> **Your goal**: Line by line, return the listing exactly, without any of the images.

> **Entries provided**:

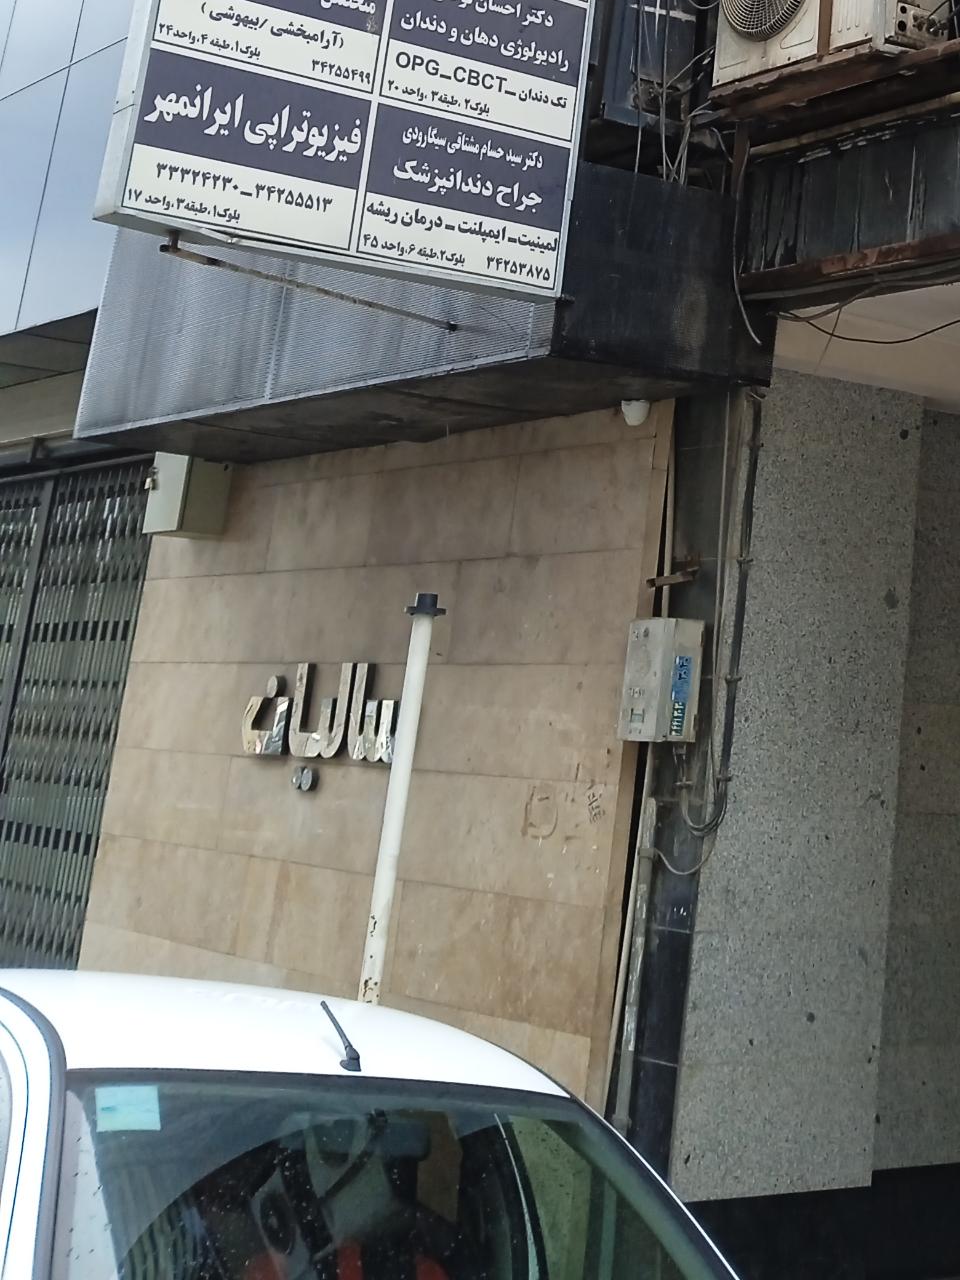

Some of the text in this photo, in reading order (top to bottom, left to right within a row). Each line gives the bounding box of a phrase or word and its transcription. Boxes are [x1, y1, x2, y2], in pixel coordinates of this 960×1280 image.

[521, 8, 554, 27] دکتر
[400, 11, 569, 72] رادیولوژی دهان و دندان
[311, 59, 371, 85] ۳۴۲۵۵۴۹۹
[388, 80, 399, 91] ۲۰
[519, 89, 549, 104] دندان
[551, 96, 567, 108] تک
[144, 83, 362, 162] فیزیوتراپی ایرانمهر
[402, 126, 543, 171] دکتر سید حسام مشتاقی سیگارودی
[128, 188, 142, 201] ۱۷
[393, 159, 542, 213] جراح دندانپزشک
[367, 201, 398, 224] ریشه
[401, 208, 443, 231] درمان
[364, 234, 379, 248] ۴۵
[458, 221, 506, 245] ایمپلنت
[487, 256, 550, 281] ۳۴۲۵۳۸۷۵
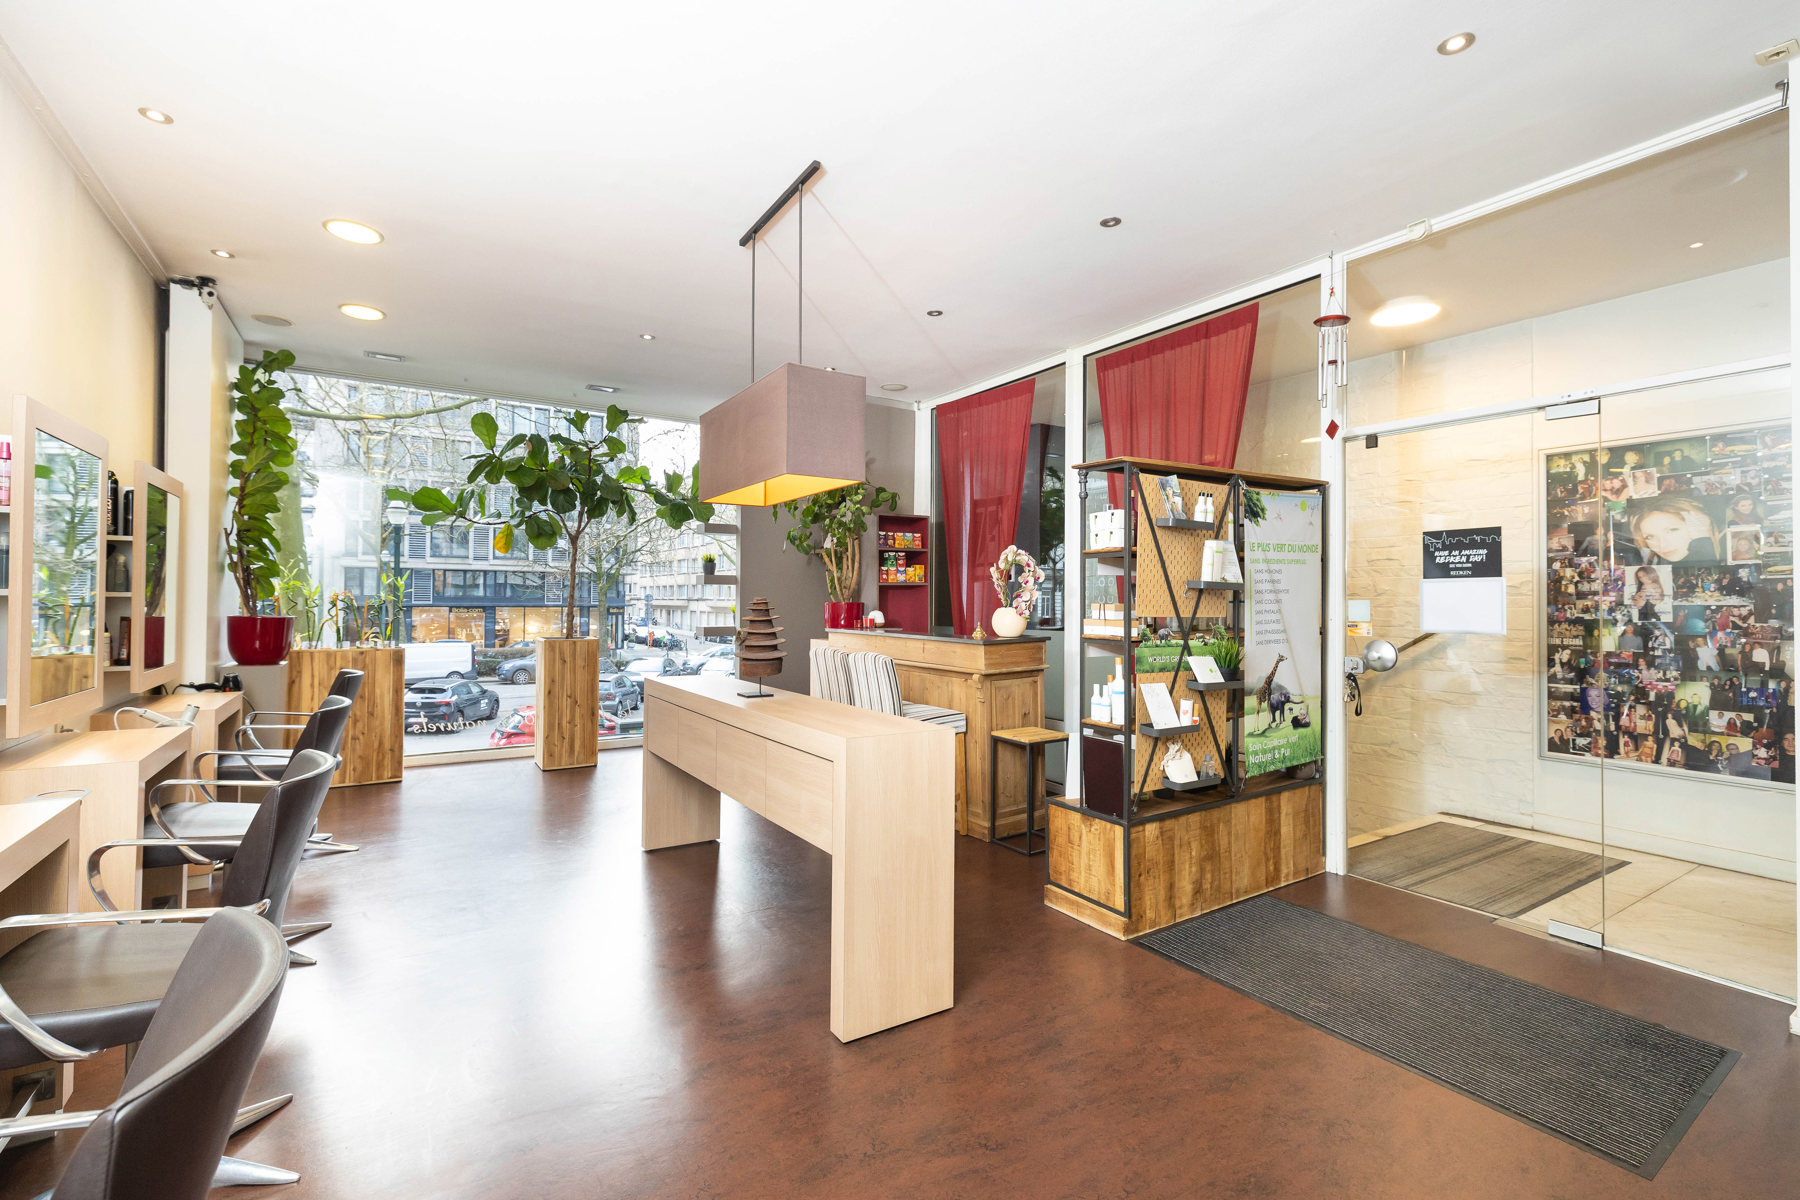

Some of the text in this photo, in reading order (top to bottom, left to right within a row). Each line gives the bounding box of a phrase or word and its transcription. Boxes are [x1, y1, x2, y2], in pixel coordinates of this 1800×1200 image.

[1257, 542, 1271, 552] PLUS
[1272, 544, 1286, 552] VERT
[1288, 544, 1296, 553] DU
[1298, 544, 1319, 553] MONDE
[1249, 750, 1273, 764] Naturel

> **Task result**:
Some of the text in this photo, in reading order (top to bottom, left to right within a row). Each line gives the bounding box of a phrase or word and its transcription. Boxes are [x1, y1, x2, y2], in pixel coordinates of this 960×1280 image.

[521, 8, 554, 27] دکتر
[400, 11, 569, 72] رادیولوژی دهان و دندان
[311, 59, 371, 85] ۳۴۲۵۵۴۹۹
[388, 80, 399, 91] ۲۰
[519, 89, 549, 104] دندان
[551, 96, 567, 108] تک
[144, 83, 362, 162] فیزیوتراپی ایرانمهر
[402, 126, 543, 171] دکتر سید حسام مشتاقی سیگارودی
[128, 188, 142, 201] ۱۷
[393, 159, 542, 213] جراح دندانپزشک
[367, 201, 398, 224] ریشه
[401, 208, 443, 231] درمان
[364, 234, 379, 248] ۴۵
[458, 221, 506, 245] ایمپلنت
[487, 256, 550, 281] ۳۴۲۵۳۸۷۵

Some of the text in this photo, in reading order (top to bottom, left to right within a row). Each line gives the bounding box of a phrase or word and its transcription. Boxes are [x1, y1, x2, y2], in pixel coordinates of this 1800×1200 image.

[1257, 542, 1271, 552] PLUS
[1272, 544, 1286, 552] VERT
[1288, 544, 1296, 553] DU
[1298, 544, 1319, 553] MONDE
[1249, 750, 1273, 764] Naturel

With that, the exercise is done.